- Problem description
Write every record out again exactly, and keep images out of it.

- Records for this task
☆ ☆ ☆
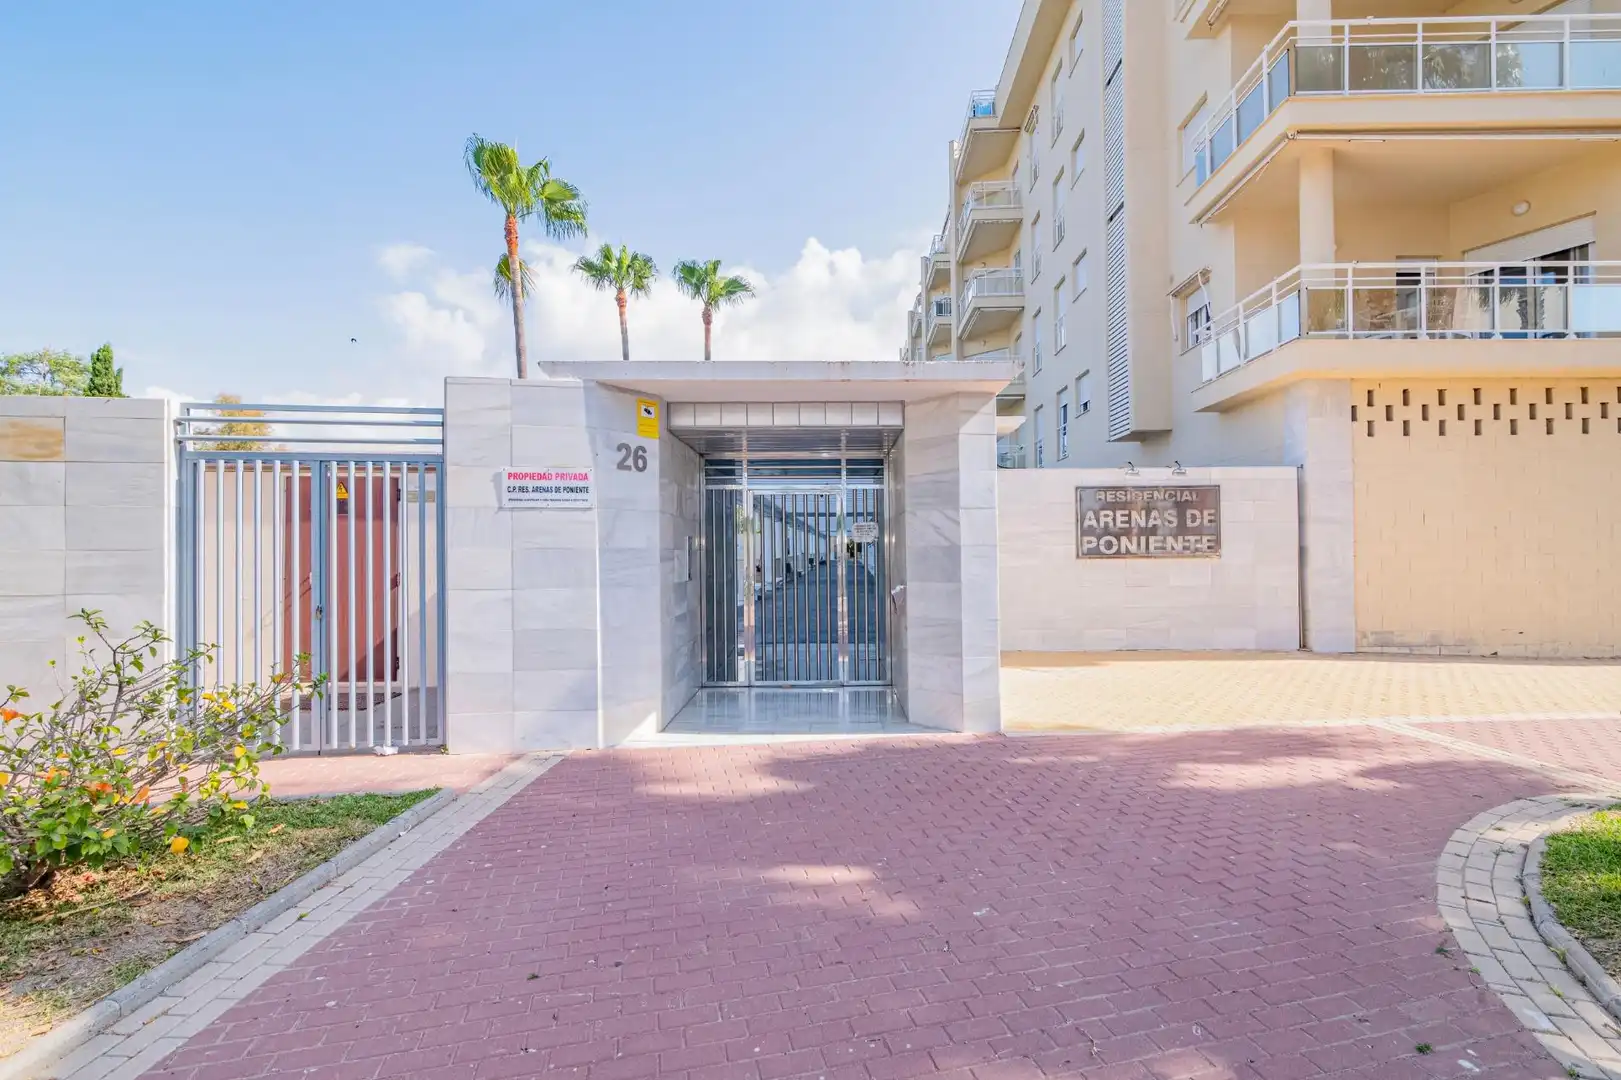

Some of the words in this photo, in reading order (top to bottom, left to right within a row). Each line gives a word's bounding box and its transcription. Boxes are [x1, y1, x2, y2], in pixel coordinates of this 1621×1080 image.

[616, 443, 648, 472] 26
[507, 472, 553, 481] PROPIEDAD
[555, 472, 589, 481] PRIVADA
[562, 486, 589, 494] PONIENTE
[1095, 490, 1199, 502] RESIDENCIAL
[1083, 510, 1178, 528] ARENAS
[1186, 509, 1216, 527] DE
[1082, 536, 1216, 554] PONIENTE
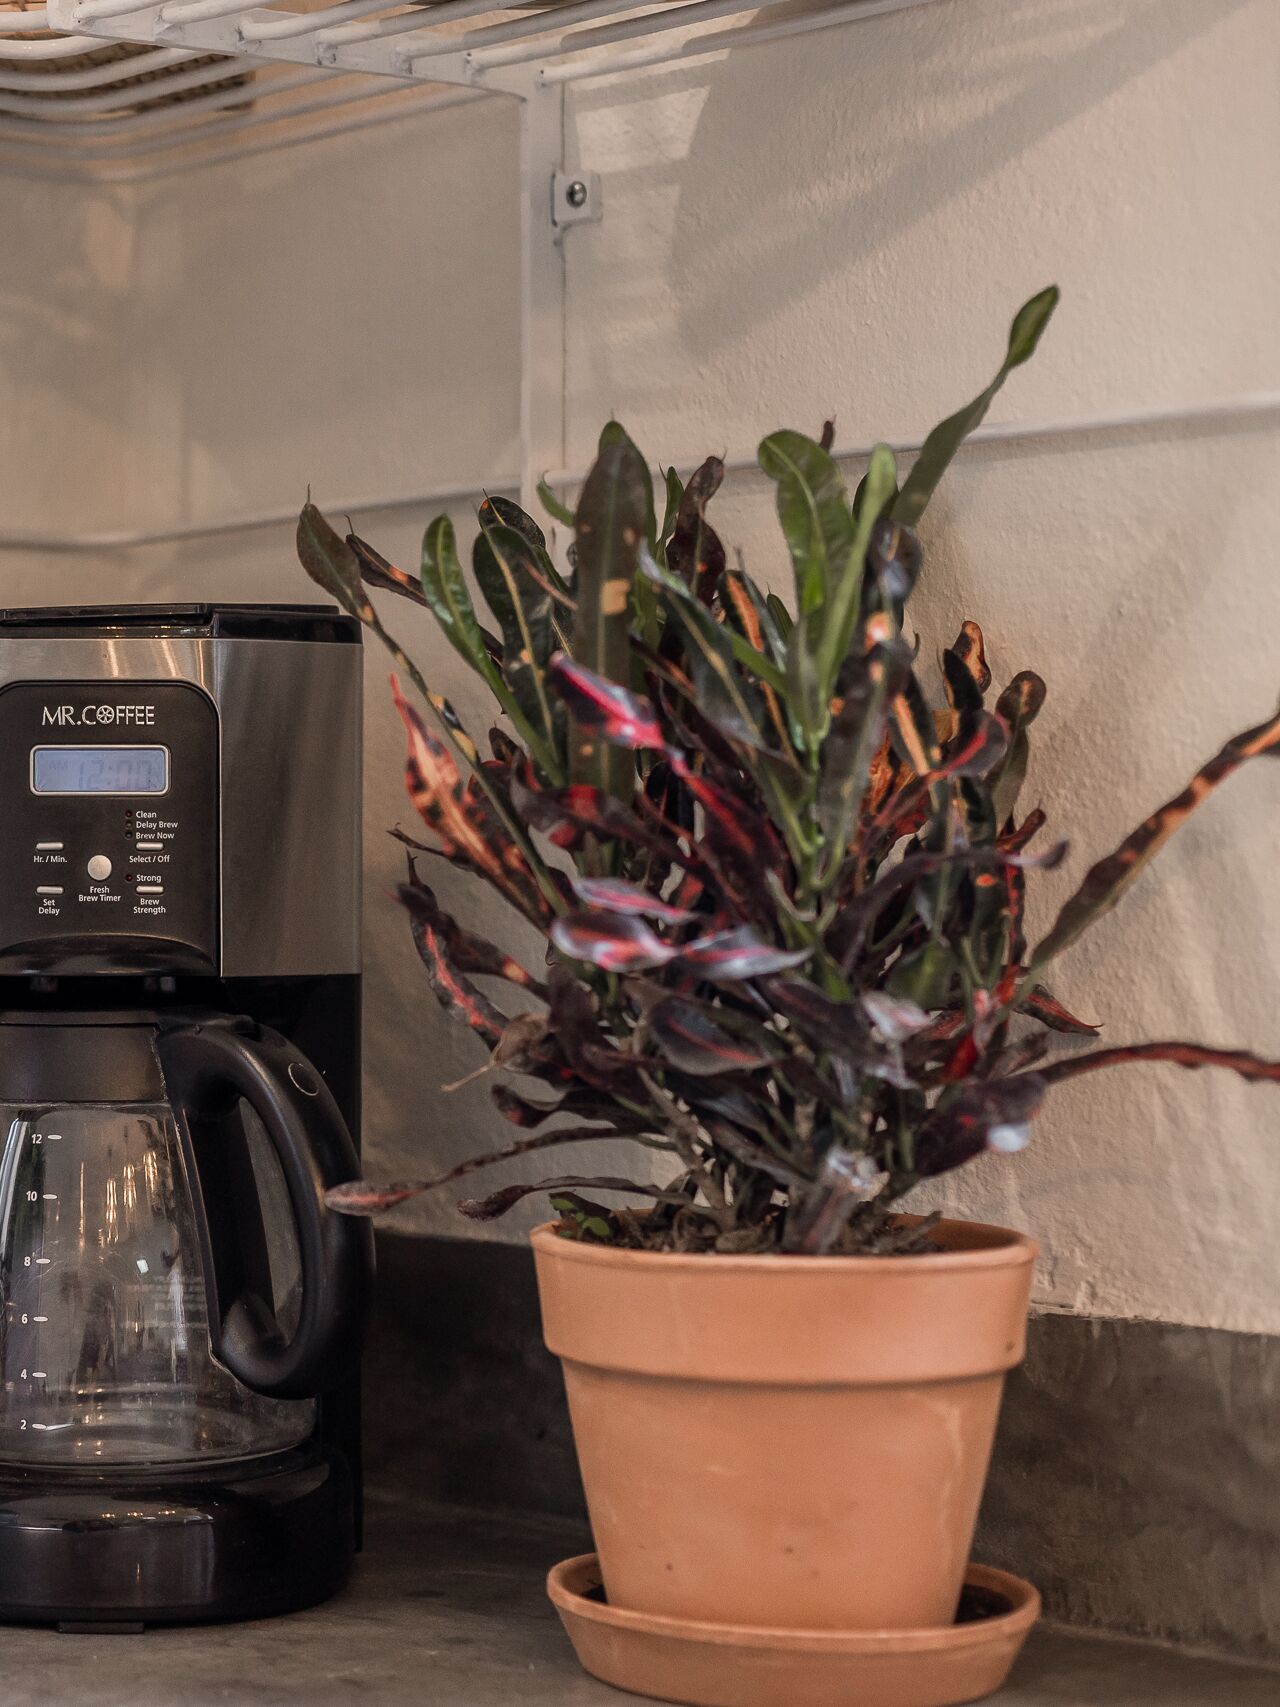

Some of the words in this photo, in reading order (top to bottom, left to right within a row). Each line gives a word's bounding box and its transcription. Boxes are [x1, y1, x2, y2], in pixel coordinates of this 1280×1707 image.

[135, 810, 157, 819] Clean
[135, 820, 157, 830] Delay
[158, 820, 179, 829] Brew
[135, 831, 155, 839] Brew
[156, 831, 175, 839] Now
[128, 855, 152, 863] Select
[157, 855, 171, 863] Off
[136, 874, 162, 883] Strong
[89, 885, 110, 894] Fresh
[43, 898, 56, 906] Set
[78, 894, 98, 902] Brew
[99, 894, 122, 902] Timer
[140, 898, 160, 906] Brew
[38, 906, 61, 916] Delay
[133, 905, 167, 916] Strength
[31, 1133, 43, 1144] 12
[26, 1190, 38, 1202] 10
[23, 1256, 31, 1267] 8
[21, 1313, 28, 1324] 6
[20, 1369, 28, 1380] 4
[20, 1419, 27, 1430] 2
☆ ☆ ☆
- Task output
Some of the words in this photo, in reading order (top to bottom, left to right within a row). Each line gives a word's bounding box and its transcription. Boxes are [x1, y1, x2, y2], in pixel coordinates of this 1621×1080 image.

[616, 443, 648, 472] 26
[507, 472, 553, 481] PROPIEDAD
[555, 472, 589, 481] PRIVADA
[562, 486, 589, 494] PONIENTE
[1095, 490, 1199, 502] RESIDENCIAL
[1083, 510, 1178, 528] ARENAS
[1186, 509, 1216, 527] DE
[1082, 536, 1216, 554] PONIENTE

Some of the words in this photo, in reading order (top to bottom, left to right within a row). Each line gives a word's bounding box and its transcription. Boxes are [x1, y1, x2, y2], in pixel coordinates of this 1280×1707 image.

[135, 810, 157, 819] Clean
[135, 820, 157, 830] Delay
[158, 820, 179, 829] Brew
[135, 831, 155, 839] Brew
[156, 831, 175, 839] Now
[128, 855, 152, 863] Select
[157, 855, 171, 863] Off
[136, 874, 162, 883] Strong
[89, 885, 110, 894] Fresh
[43, 898, 56, 906] Set
[78, 894, 98, 902] Brew
[99, 894, 122, 902] Timer
[140, 898, 160, 906] Brew
[38, 906, 61, 916] Delay
[133, 905, 167, 916] Strength
[31, 1133, 43, 1144] 12
[26, 1190, 38, 1202] 10
[23, 1256, 31, 1267] 8
[21, 1313, 28, 1324] 6
[20, 1369, 28, 1380] 4
[20, 1419, 27, 1430] 2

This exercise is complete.